Emerging growth company ☐
If an emerging growth company, indicate by check mark if the registrant has elected not to use the extended transition period for complying with any new or revised financial accounting standards provided pursuant to Section 13(a) of the Exchange Act. ☐
Item 1.01. Entry into a Material Definitive Agreement.
On October 28, 2020, a wholly owned subsidiary (the “TEP IV Borrower”) of Sunnova Energy International Inc., a Delaware corporation (the “Company”), entered into that certain Eighth Amendment (the “TEP IV Amendment”), which amends that certain Credit Agreement, dated as of September 6, 2019 (the “TEP IV Credit Agreement”), by and among the TEP IV Borrower, certain other subsidiaries of the Company, Credit Suisse AG, New York Branch, as agent, and the lenders and other financial institutions party thereto.
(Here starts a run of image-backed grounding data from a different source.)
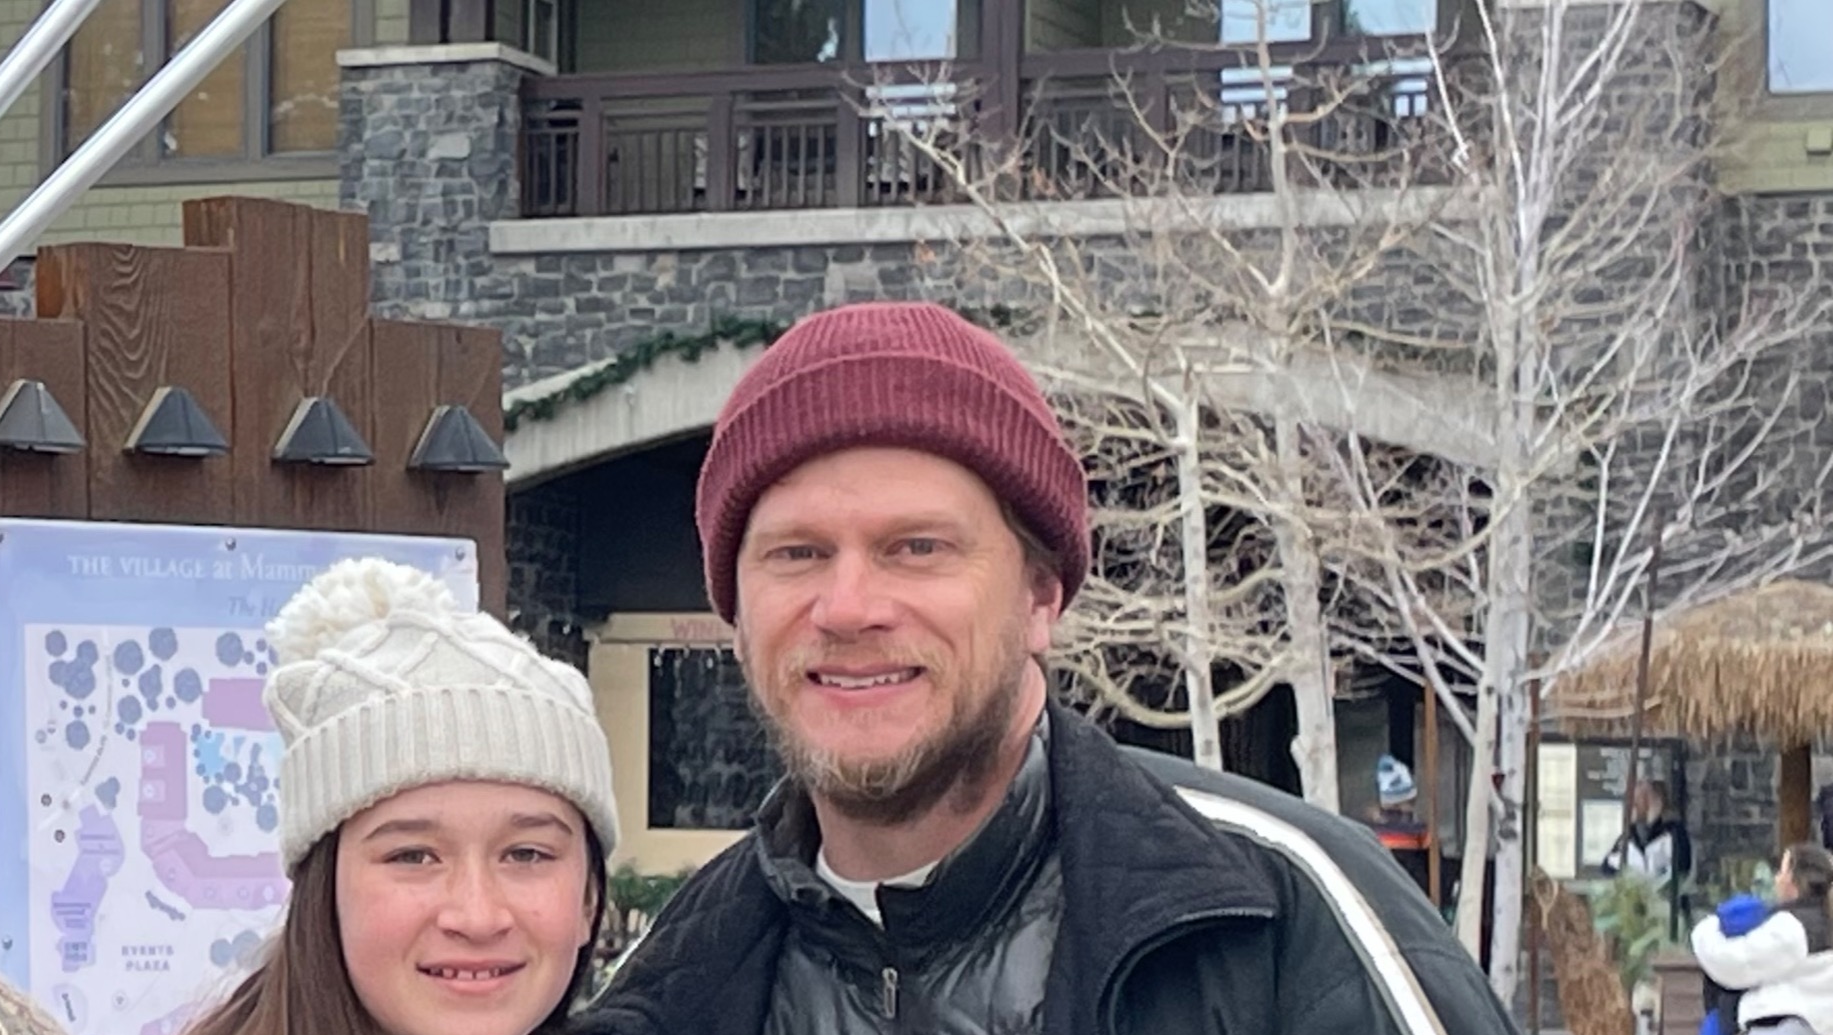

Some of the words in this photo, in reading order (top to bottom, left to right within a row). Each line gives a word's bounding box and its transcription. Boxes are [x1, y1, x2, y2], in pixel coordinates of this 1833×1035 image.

[67, 555, 112, 576] THE
[119, 556, 206, 580] VILLAGE
[212, 560, 233, 581] at
[239, 552, 317, 582] Mamm
[121, 945, 174, 957] EVENTS
[125, 960, 171, 972] PLAZA
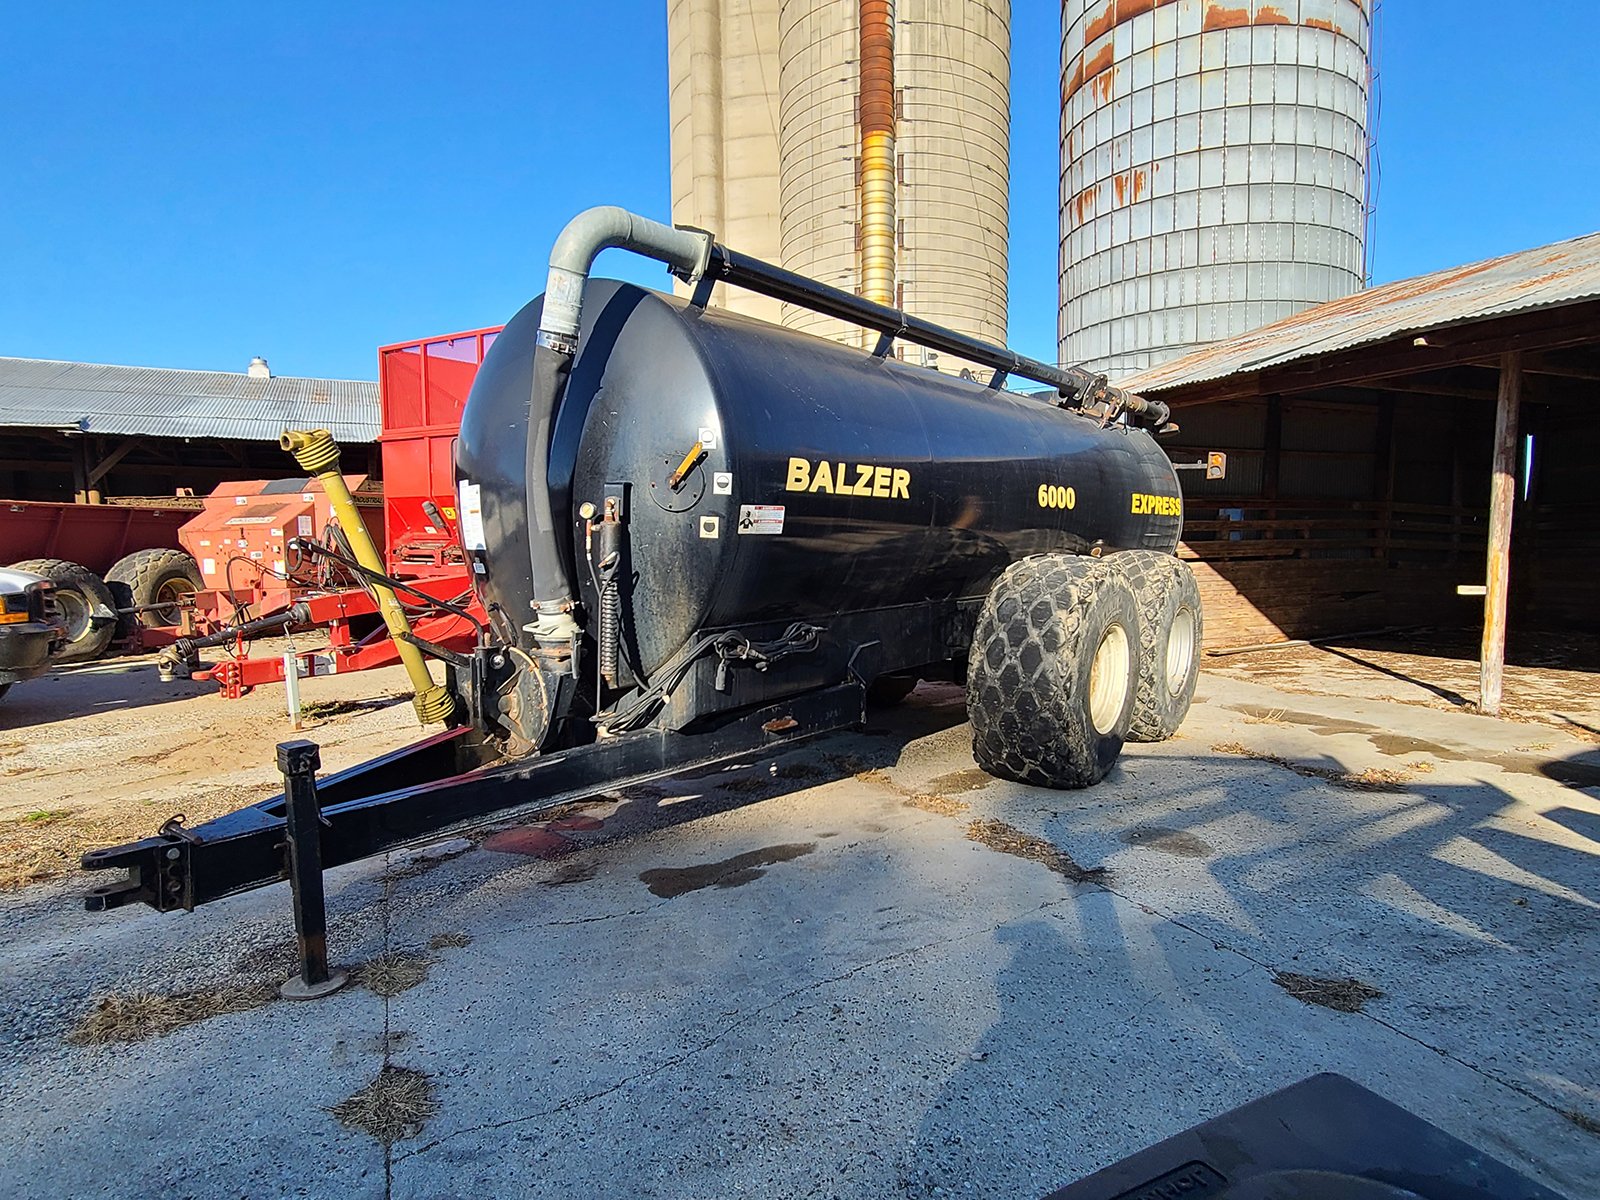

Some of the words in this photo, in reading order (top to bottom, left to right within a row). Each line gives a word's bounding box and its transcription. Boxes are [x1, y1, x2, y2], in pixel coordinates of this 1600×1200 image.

[785, 457, 911, 499] BALZER
[1038, 484, 1076, 510] 6000
[1131, 493, 1181, 517] EXPRESS
Capitalized terms used but not defined in this Current Report on Form 8-K shall have the meanings ascribed to them in the TEP IV Amendment.
The TEP IV Amendment amended the TEP IV Credit Agreement to, among other things, (i) increase the total aggregate commitment amount from $437.5 million to $460.7 million, (ii) increase the maximum facility amount from $437.5 million to $600.0 million, (iii) decrease the interest rate applicable to Class A loans by 0.25%, (iv) require that the Class A Lenders fund requested advances as a condition to the Class B Lenders making an advance on any funding date, (v) require the TEP IV Borrower to pay a commitment fee in the amount of 1.0% of the increase in the Class B aggregate commitment, (vi) revise the additional payment to be made to the Class B Lenders on the maturity date if they have not achieved a certain return by such date in connection with the increase in the Class B-I aggregate commitment, and (vii) specify that the TEP IV Borrower may transfer or distribute the equity interest in the Managing Member of a Tax Equity Facility, pursuant to an otherwise permissible Takeout Transaction.
The foregoing description of the TEP IV Amendment is qualified in its entirety by reference to the full text of the TEP IV Amendment, a copy of which the Company plans to file as an exhibit to its Annual Report on Form 10-K for the year ending December 31, 2020.
SIGNATURE
Pursuant to the requirements of the Securities Exchange Act of 1934, the registrant has duly caused this report to be signed on its behalf by the undersigned hereunto duly authorized.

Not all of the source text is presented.